La precarización avanza: Milei oficializó la reducción de cargas patronales a las empresas

Amparado por la Ley de Modernización Laboral, el Presidente reglamentó el capítulo que afecta el pago a las obras sociales y al sistema se seguridad social.

Martes, 05 de mayo de 2026 14:27

Tras los fallos judiciales a su favor, el presidente de la Nación, Javier Milei, avanzó con la aplicación de la reforma laboral libertaria al firmar el decreto que reglamentó la habilitación a los empleadores de reducir las cargas patronales, es decir, la omisión de pago a obras sociales y al sistema de seguridad social, en un contexto de creciente precarización laboral. 

Envalentonado por las decisiones de la Cámara de Apelaciones del Trabajo y de la Cámara Nacional de Apelaciones en lo Contencioso Administrativo Federal, el Gobierno publicó en el Boletín Oficial el decreto 315/2026 la oficialización del denominado Régimen de Incentivo a la Formalización Laboral (RIFL), incluido en el capítulo de la Ley 27.802.

Este punto establece que las compañías no abonarán las contribuciones durante cuatro años solamente al nuevo personal que contrate y que anteriormente no haya tenido empleo registrado. 

A dicho segmento le pagarán menos asignaciones familiares, fondos de desempleo, aportes jubilatorios, obras sociales y todo lo relacionado a la seguridad social.

Qué tipo de empleados están afectados por el RIFL

Según el apartado, corre para aquellos que no hubieran contado con una relación laboral registrada al 10 de diciembre de 2025; las personas hubieran estado desempleadas en los seis meses previos al alta laboral; los monotributistas inscriptos en el Régimen Simplificado para Pequeños Contribuyentes y los los trabajadores cuya última ocupación fue bajo relación de dependencia en el sector público nacional, provincial, municipal o de la ciudad de Buenos Aires.

Los porcentajes

Asimismo, el decreto señala los topes en los porcentajes que el empleador deberá cumplir. De esta manera , las contribuciones patronales que se determinen por la aplicación de la alícuota del 2 por ciento se distribuirán entre el Sistema Integrado Previsional Argentino (SIPA), el Fondo Nacional de Empleo y el Régimen de Asignaciones Familiares en igual proporción.
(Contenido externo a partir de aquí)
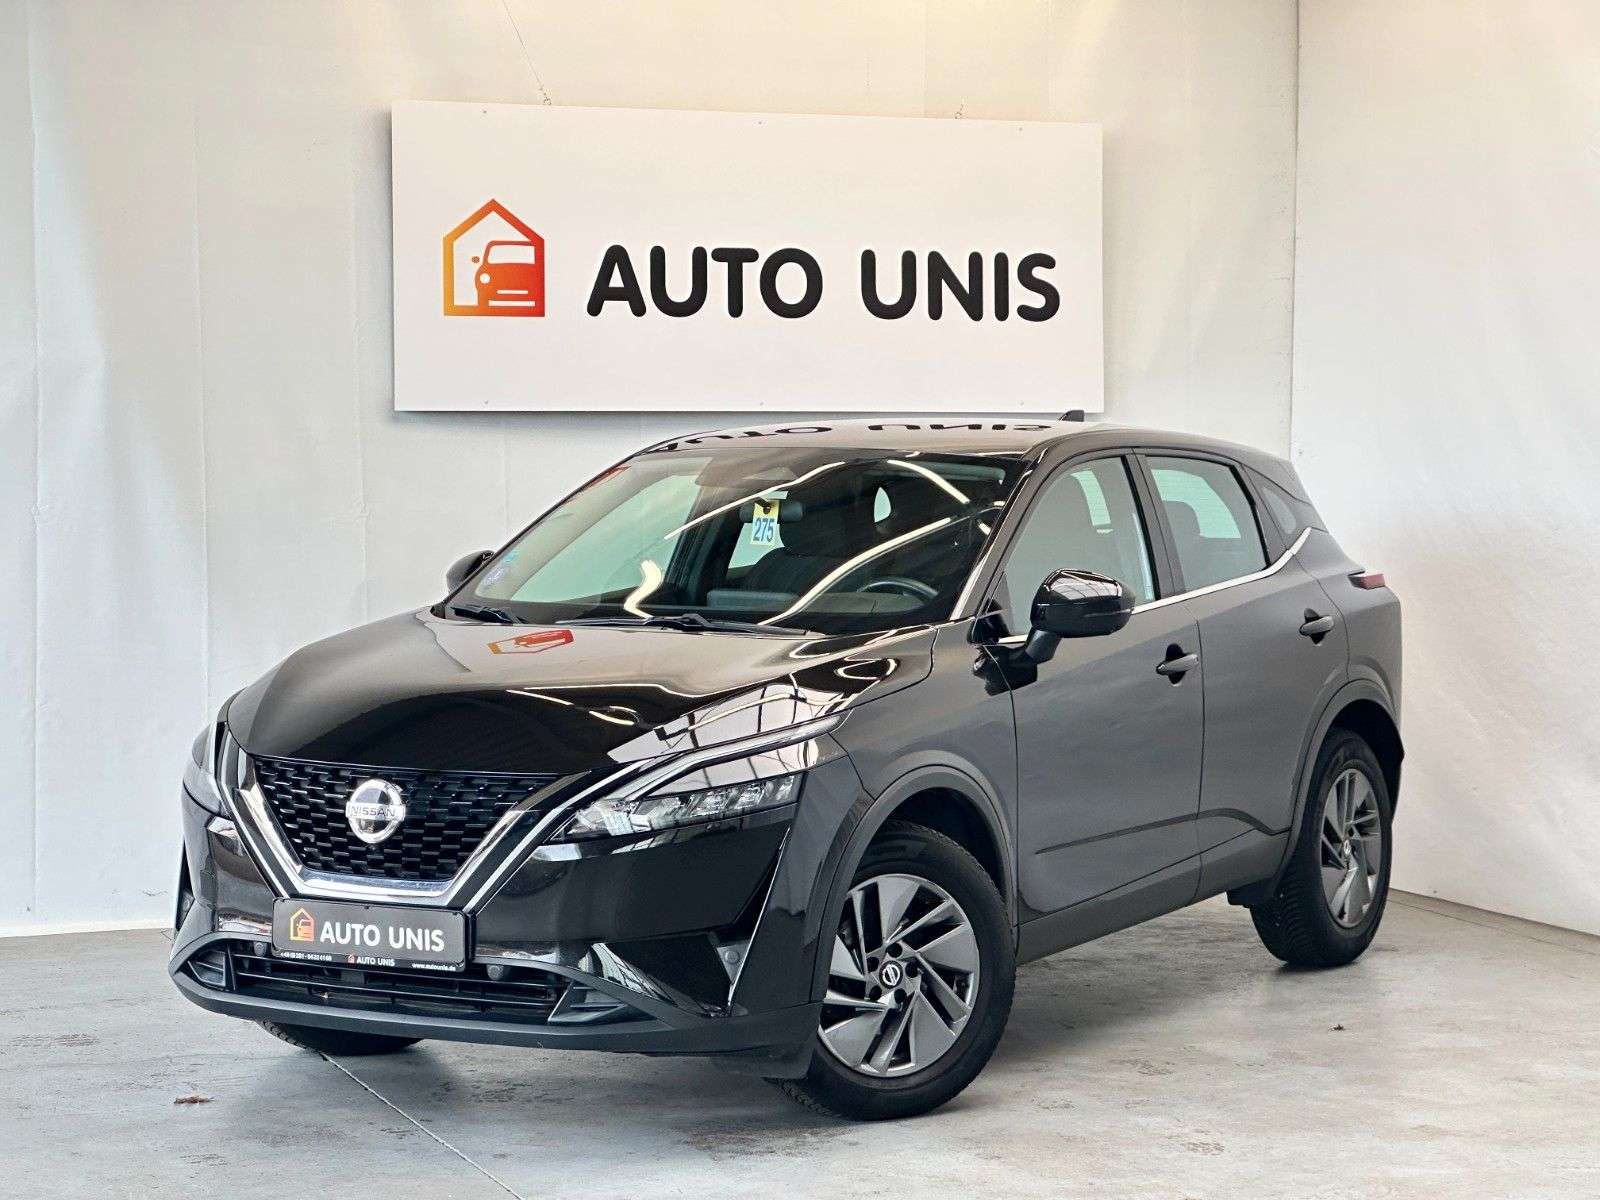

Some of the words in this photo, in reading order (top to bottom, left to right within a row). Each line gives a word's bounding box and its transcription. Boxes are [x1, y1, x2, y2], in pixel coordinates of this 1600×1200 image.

[587, 244, 823, 318] AUTO
[860, 248, 1061, 322] UNIS
[752, 517, 776, 542] 275
[350, 804, 396, 817] NISSAN
[319, 921, 381, 947] AUTO
[388, 926, 445, 952] UNIS
[356, 956, 376, 966] AUTO
[377, 957, 396, 967] UNIS
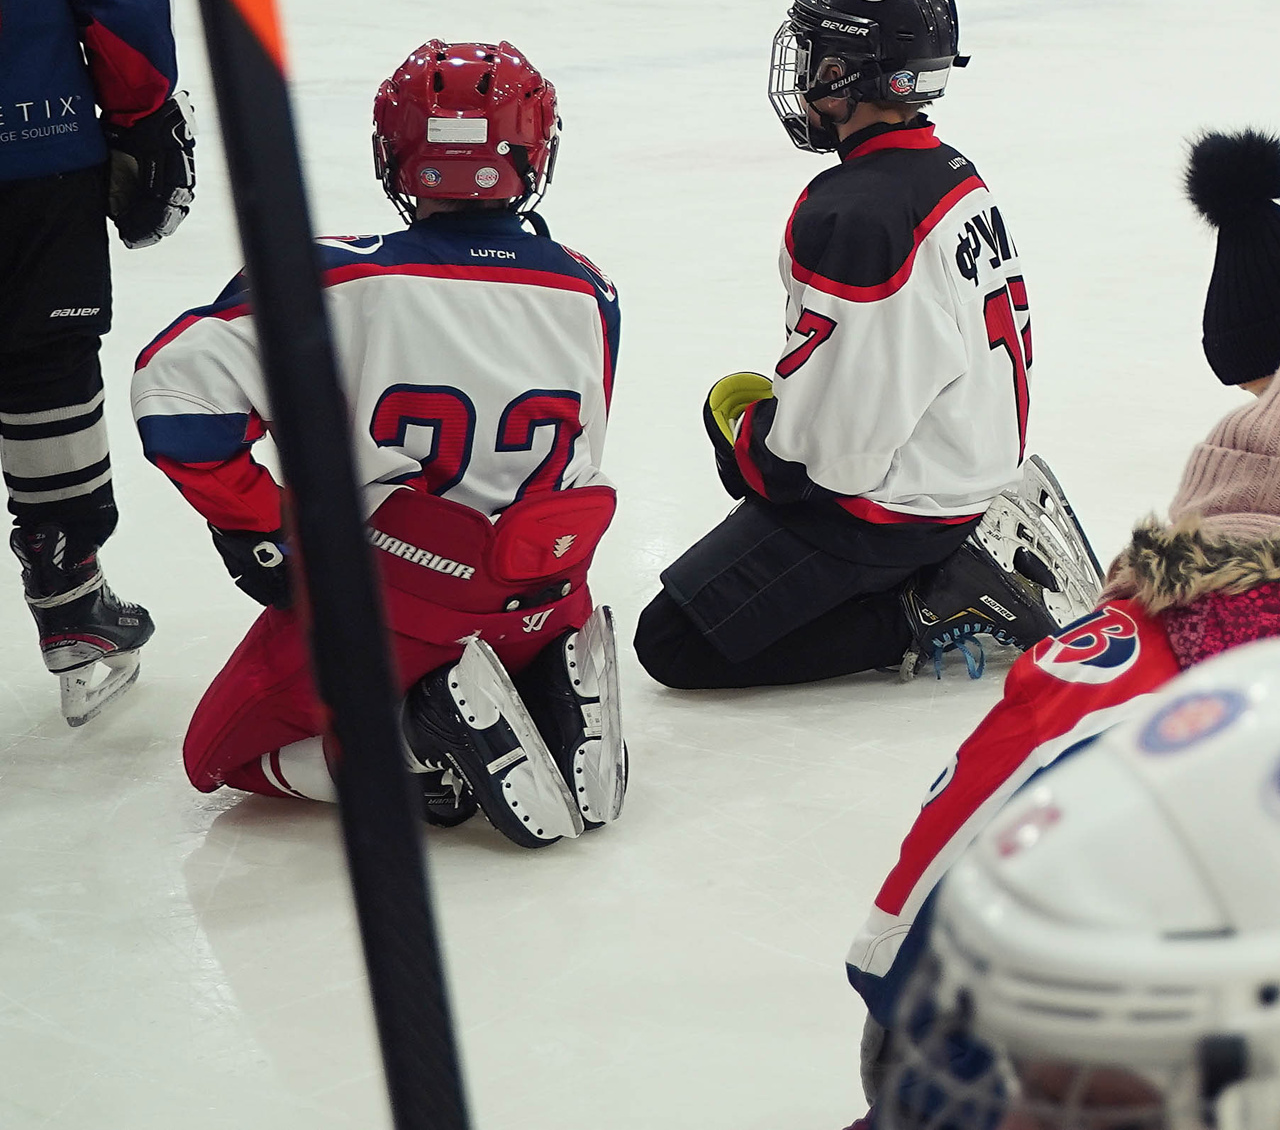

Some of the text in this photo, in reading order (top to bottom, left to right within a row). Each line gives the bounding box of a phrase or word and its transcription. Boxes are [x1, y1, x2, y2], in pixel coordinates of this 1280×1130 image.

[0, 96, 77, 125] TIX
[21, 121, 79, 140] SOLUTIONS
[470, 248, 516, 260] LUTCH
[369, 383, 583, 516] 22
A la vez, las contribuciones patronales que se determinen por aplicación de la alícuota del 3 por ciento tendrán destino al Instituto Nacional de la Seguridad Social para Jubilados y Pensionados (INSSJP).

La argumentación del oficialismo para la materialización de la citada normativa es incentivar la generación de empleo. No obstante, con la Ley Bases se incorporó un capítulo similar, pero el empleo se desplomó y la precarización se incrementó. Según los expertos, es más una discusión simbólica contra los derechos que fueron conquistados en la previa de la reforma laboral.

Cabe destacar que la batalla judicial por la Ley de Modernización Laboral sumó un nuevo capítulo a comienzos de esta semana, ya que  La Sociedad Rural Argentina (SRA) informó  que se presentó ante la Justicia para respaldar su validez  y pedir que no se suspenda su aplicación en el marco de la causa iniciada por la Confederación General del Trabajo (CGT) contra el Estado.

En concreto, la entidad que conduce Nicolás Pino solicitó intervenir como tercero en el expediente “Confederación General del Trabajo c/ Estado Nacional s/ Acción Declarativa”, alineándose con la defensa oficial en torno a la constitucionalidad y plena vigencia de la norma.